For most people, big data is not the first thing that springs to mind when considering commercial fishing on Canada's East Coast. But it's front-and-centre with Ian Smith, who took over as CEO of Clearwater Seafoods Inc., based in Bedford, N.S., in 2010.
"Every time one of our vessels goes to sea it gathers sonar data, data on tides and temperatures, what we harvested, where we harvested and in what quantities," he says. "We're working with a number of academic institutions in Atlantic Canada and the U.S. on modelling that data, and we have learned some fascinating things about the species that we harvest and about the ocean bottom type we should be focusing on.
"We're also trying to understand climate change and how it will impact our core species over time."
Knowing more about the life cycle of clams, scallops, lobster, shrimp and snow crab, as well as where they like to live and when they are at their most abundant, helps Clearwater be more efficient on the water. But an equally important use of the data is helping the company harvest with a lower impact to the marine ecosystem.
Consumers are demanding this and the company's long-term success depends on it.
"We would like to be in business 20 years from now enjoying an even greater abundance of harvested species than we do now, and we do think that's possible," Mr. Smith says.
"The industry and government learned a very hard and painful lesson from the collapse of the northern cods stocks, and there's been a lot of research that has been done for cod and the other major species to make sure that we don't repeat history."
Technology is also increasing productivity at the company, which posted sales of $504.9-million last year. "We lower our cost structure, reduce our impact on the ocean environment, reduce our carbon footprint and become an even more sustainable company," Mr. Smith said.

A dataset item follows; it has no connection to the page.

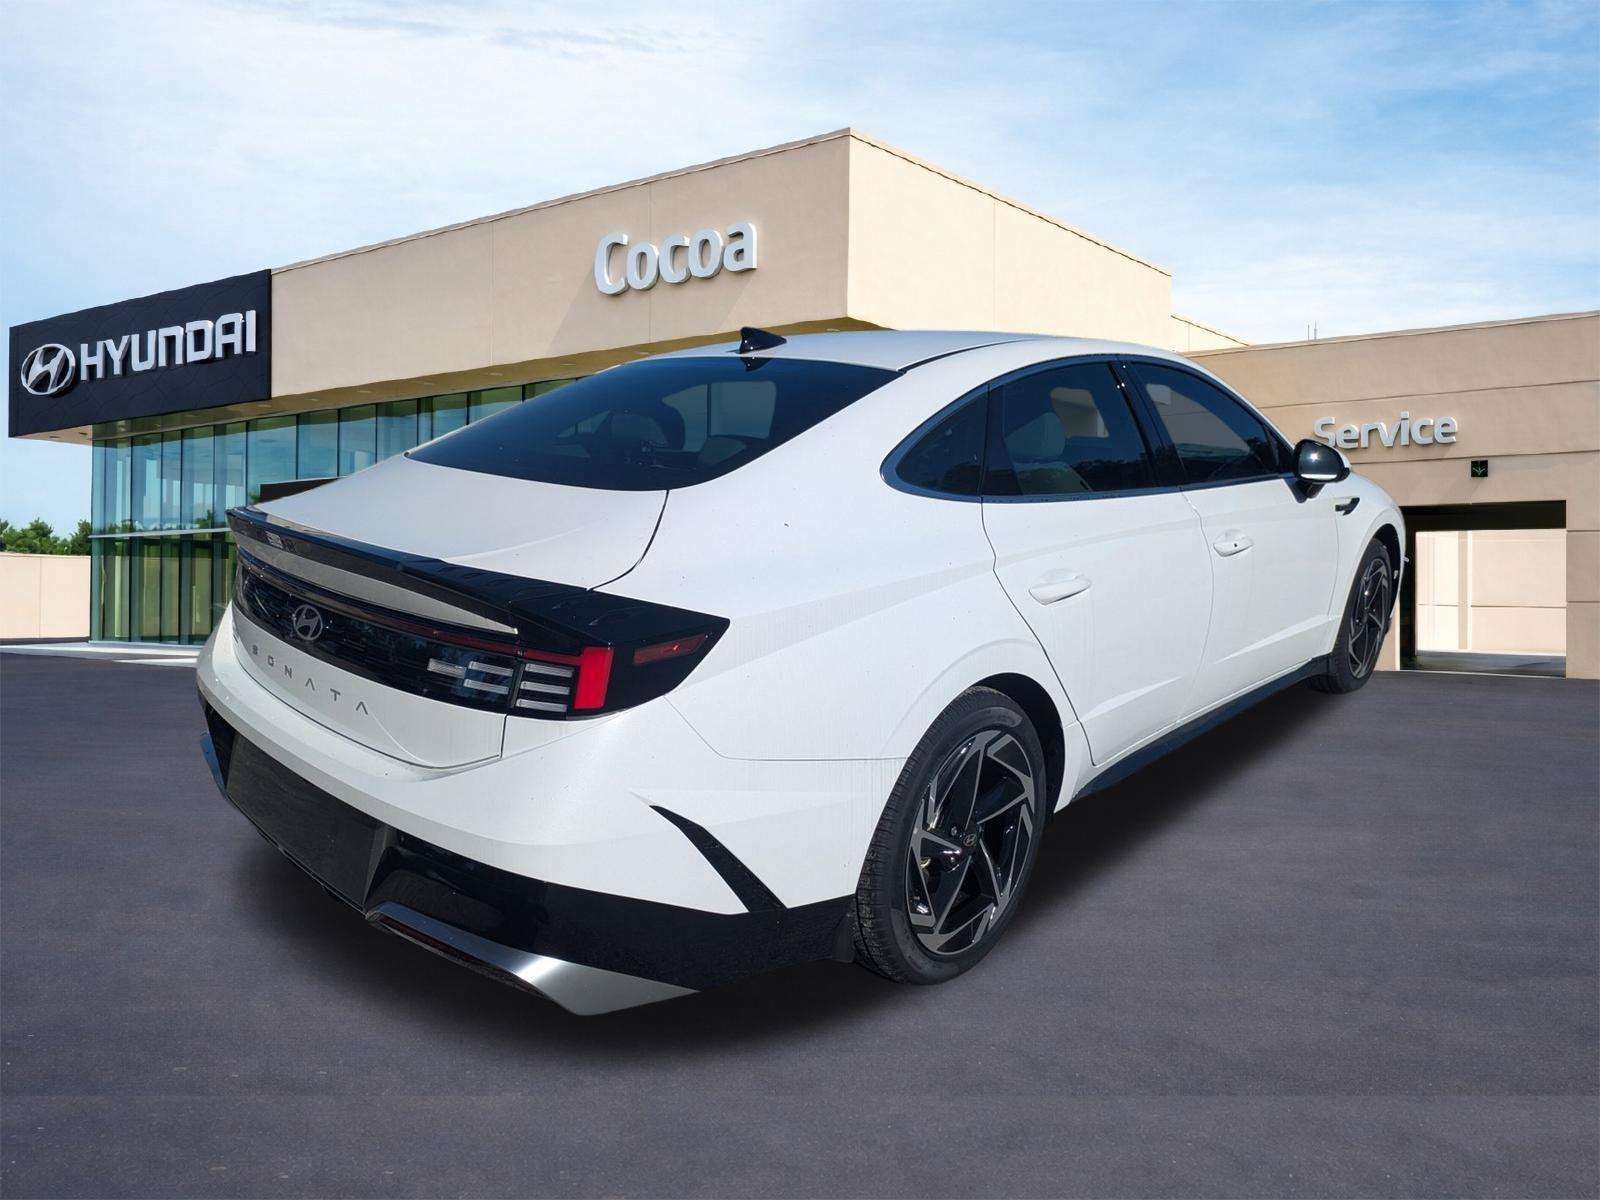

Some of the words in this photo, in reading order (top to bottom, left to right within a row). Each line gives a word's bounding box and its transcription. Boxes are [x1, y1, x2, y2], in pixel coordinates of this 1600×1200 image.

Clearwater's proprietary automated shucking machines make it twice as efficient at harvesting wild scallops, for instance. When Mr. Smith joined Clearwater, it was using four major factory trawlers to harvest its scallop quota. To harvest its quota today, it uses only two.
"A lot of people don't think of Canada's fishing industry as a technology industry, and it very much is," he says. "And people don't think of Canada's fishing industry as renewable industry. They think of it as an extraction industry, which it is not. We look at our business as a renewables business."
Clearwater was born in 1976 when John Risley and Colin MacDonald – now the company's chairman – were just two entrepreneurial guys selling lobster. Today, it does business in 45 countries around the globe. Half of its catch goes to the food service industry, a little more than a third to retailers and the rest to food processors.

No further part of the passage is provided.